Citing sources in Bangladesh's security and military establishments, it revealed that Azmi runs a "parallel leadership" within the Bangladeshi Army, with Army chief General Waker-uz-Zaman showing no hesitation in being “deferential” towards him.
Azmi is described as the :nucleus" of a right-wing extremist ideology that has taken firm root within the Army, which the report said has an influential grouping inclined towards the Jamaat-e-Islami’s political ideology.
“What is more alarming, classified documents reveal, is that a number of radicalised retired Bangladeshi military officers” residing in Banani Defence Officers Housing Scheme (DOHS) in Dhaka, the report said, "have been holding clandestine meetings with Pakistani intelligence operatives to establish an Islamist militia under the cover of ‘National Armed Reserve'".
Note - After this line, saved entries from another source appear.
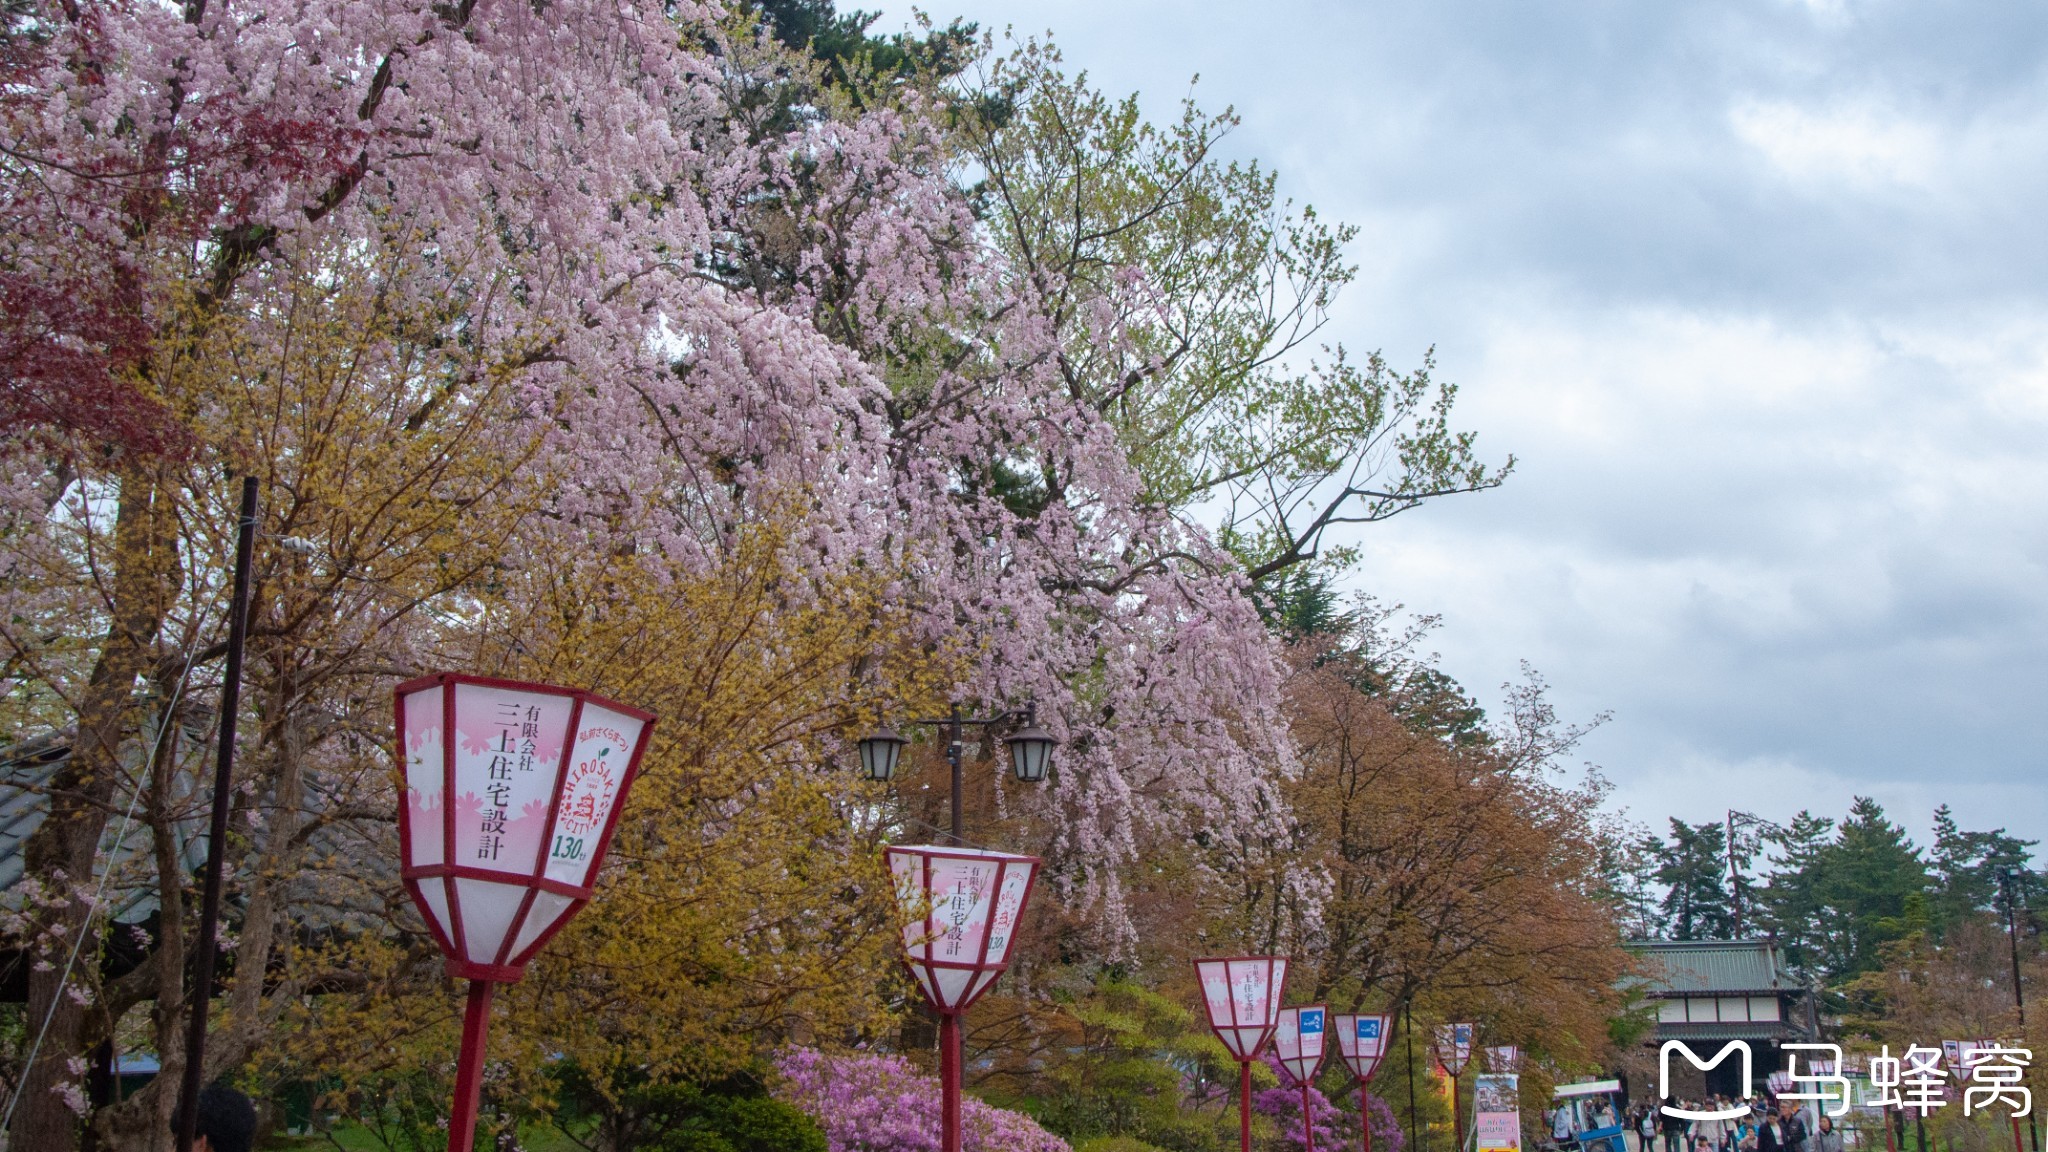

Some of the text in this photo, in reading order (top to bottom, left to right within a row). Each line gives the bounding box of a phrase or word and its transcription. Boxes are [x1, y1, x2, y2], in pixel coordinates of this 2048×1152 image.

[517, 704, 541, 772] 有限会社
[579, 726, 629, 752] 弘前さくらまつり
[478, 702, 521, 861] 三上住宅設計
[565, 758, 614, 799] HIROSAKI
[565, 818, 590, 835] CITY
[946, 865, 968, 956] 三上住宅設計
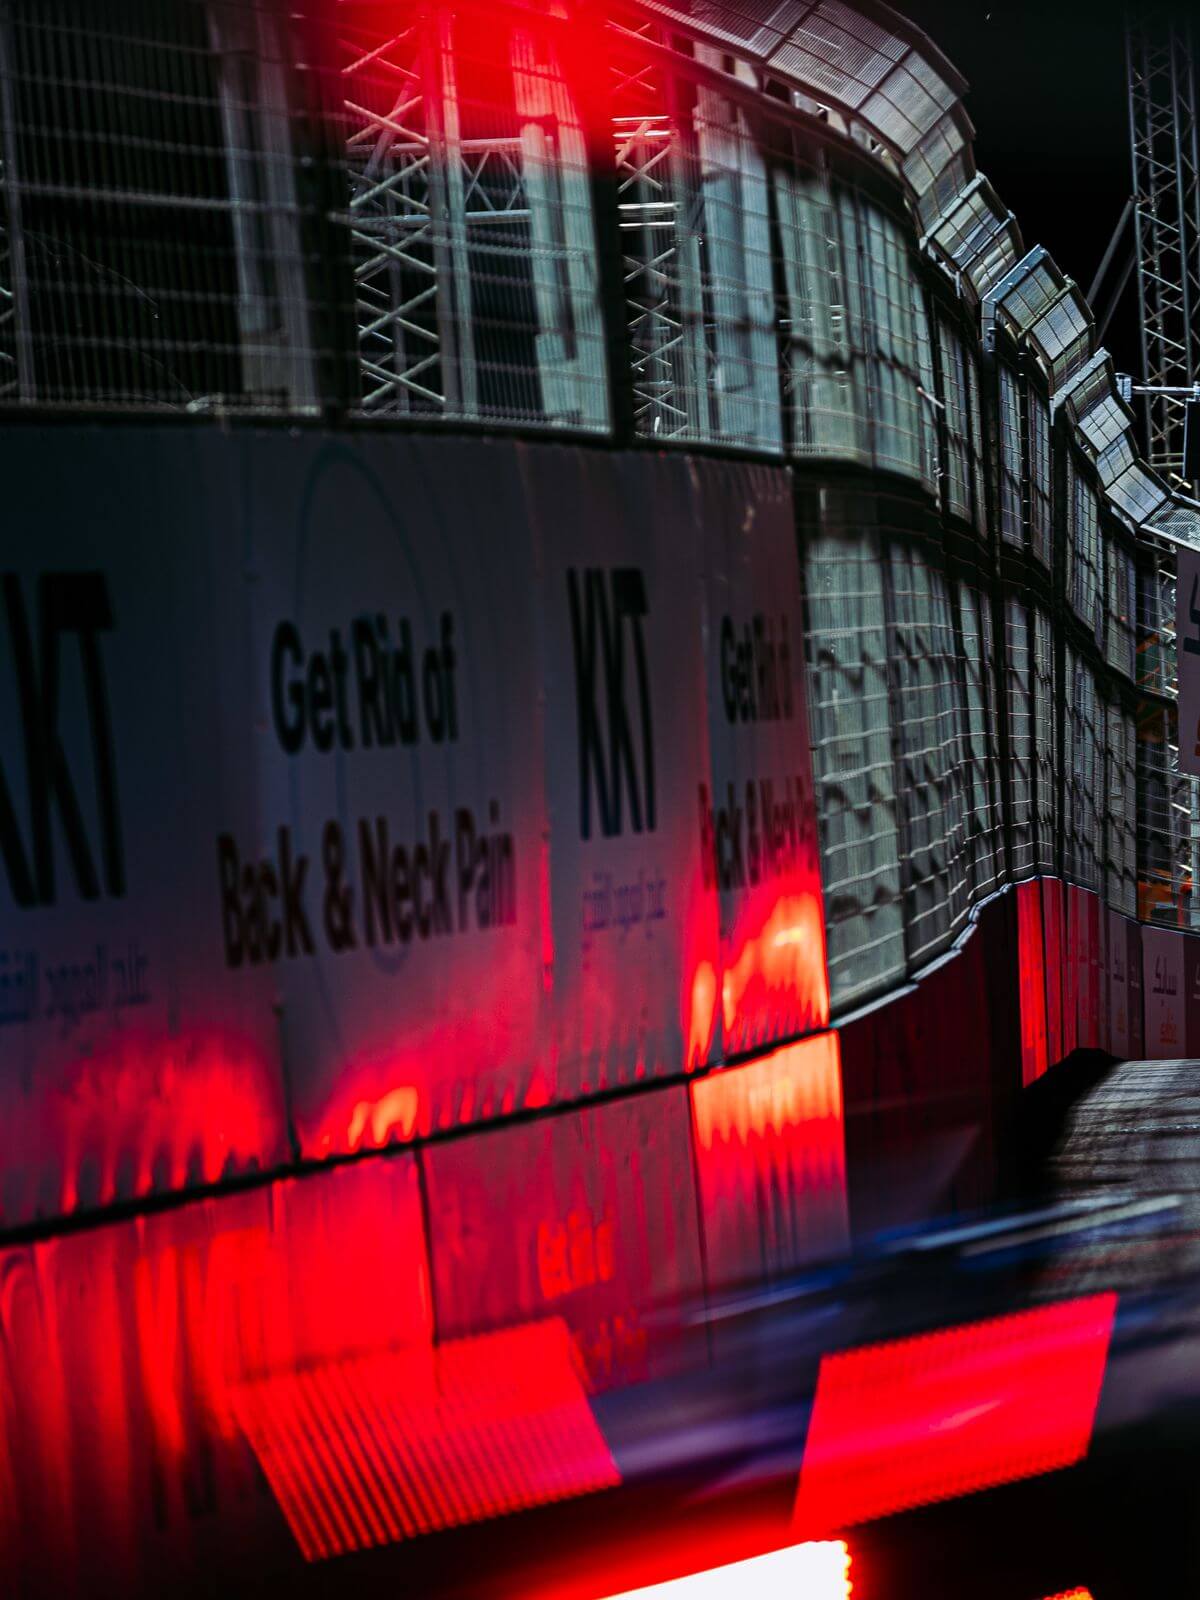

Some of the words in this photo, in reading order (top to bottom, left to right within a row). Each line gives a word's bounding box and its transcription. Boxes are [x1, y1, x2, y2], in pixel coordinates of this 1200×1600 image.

[271, 619, 353, 755] Get
[353, 611, 417, 748] Rid
[423, 611, 459, 744] of
[568, 567, 656, 840] KKT
[217, 826, 315, 967] Back
[321, 819, 357, 953] &
[358, 809, 451, 947] Neck
[455, 798, 516, 934] Pain
"At least four apartments in two specific roads in the Banani DOHS are routinely used by Brig Azmi, a retired Major General and a former Major to meet their Pakistani handlers, Bangladeshi security service reports," the Northeast News revealed, citing access to the reports.
"But there are other senior serving Bangladesh Army officers that Brig Azmi continues to be in touch with, including a senior officer in the Armed Forces Division, Military Secretary’s branch, the Navy and the DGFI and NSI," it noted.